**PROBLEM TO SOLVE:** Could you repeat the data word for word while skipping the pictures?

[Saved entries]
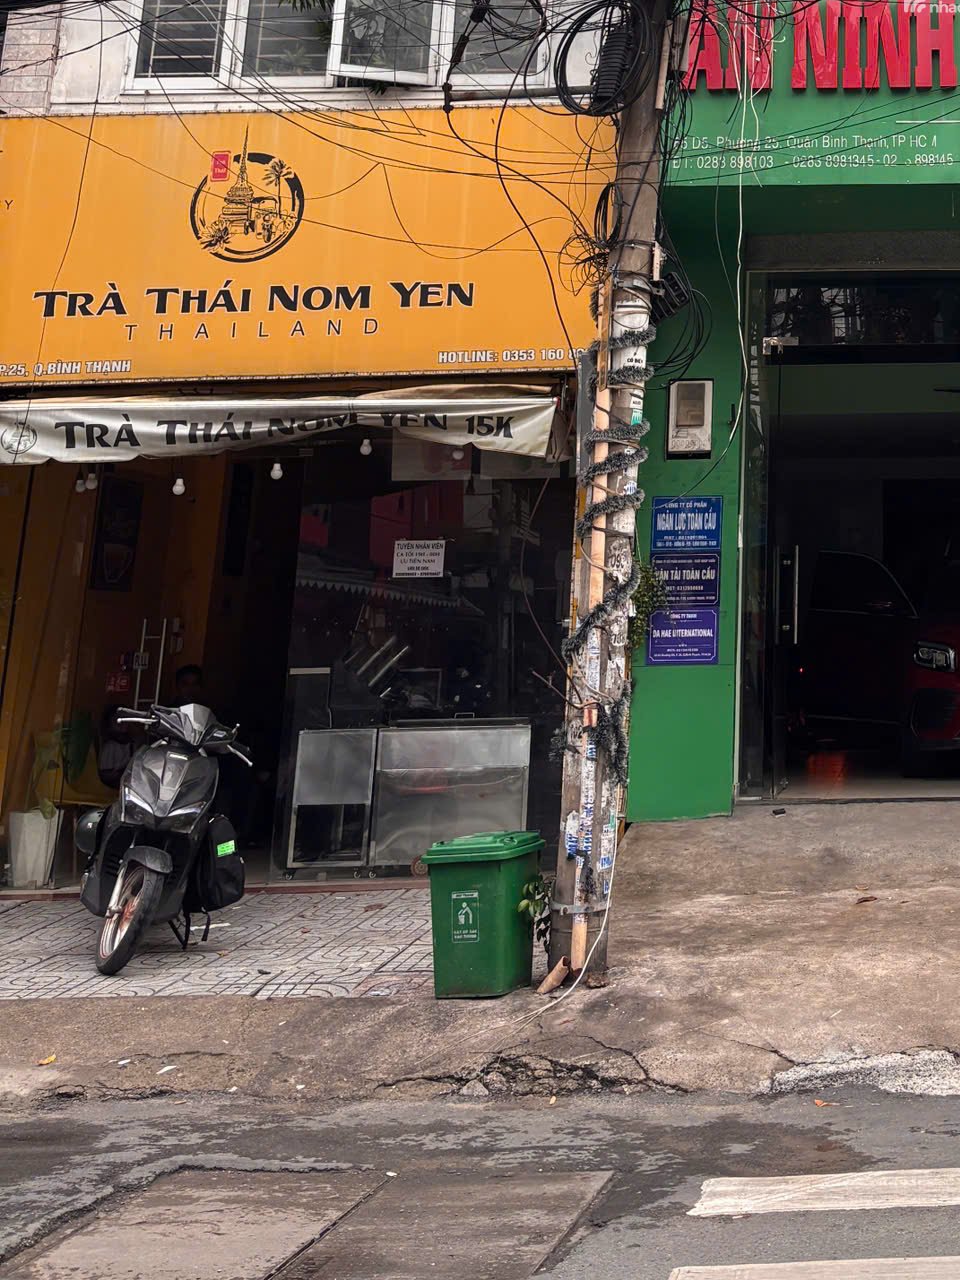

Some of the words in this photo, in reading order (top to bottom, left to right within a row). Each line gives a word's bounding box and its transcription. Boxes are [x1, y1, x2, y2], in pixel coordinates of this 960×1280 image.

[33, 282, 127, 319] TRÀ
[146, 280, 252, 315] THÁI
[267, 285, 372, 312] NOM
[388, 281, 475, 309] YEN
[124, 318, 380, 342] THAILAND
[34, 359, 81, 377] Q.BÌNH
[85, 360, 131, 375] THẠNH
[438, 351, 499, 364] HOTLINE:
[502, 349, 535, 362] 0353
[540, 348, 564, 361] 160
[54, 414, 141, 448] TRÀ
[157, 412, 252, 445] THÁI
[465, 415, 516, 439] 15K

**TASK OUTPUT:**
Some of the words in this photo, in reading order (top to bottom, left to right within a row). Each line gives a word's bounding box and its transcription. Boxes are [x1, y1, x2, y2], in pixel coordinates of this 960×1280 image.

[33, 282, 127, 319] TRÀ
[146, 280, 252, 315] THÁI
[267, 285, 372, 312] NOM
[388, 281, 475, 309] YEN
[124, 318, 380, 342] THAILAND
[34, 359, 81, 377] Q.BÌNH
[85, 360, 131, 375] THẠNH
[438, 351, 499, 364] HOTLINE:
[502, 349, 535, 362] 0353
[540, 348, 564, 361] 160
[54, 414, 141, 448] TRÀ
[157, 412, 252, 445] THÁI
[465, 415, 516, 439] 15K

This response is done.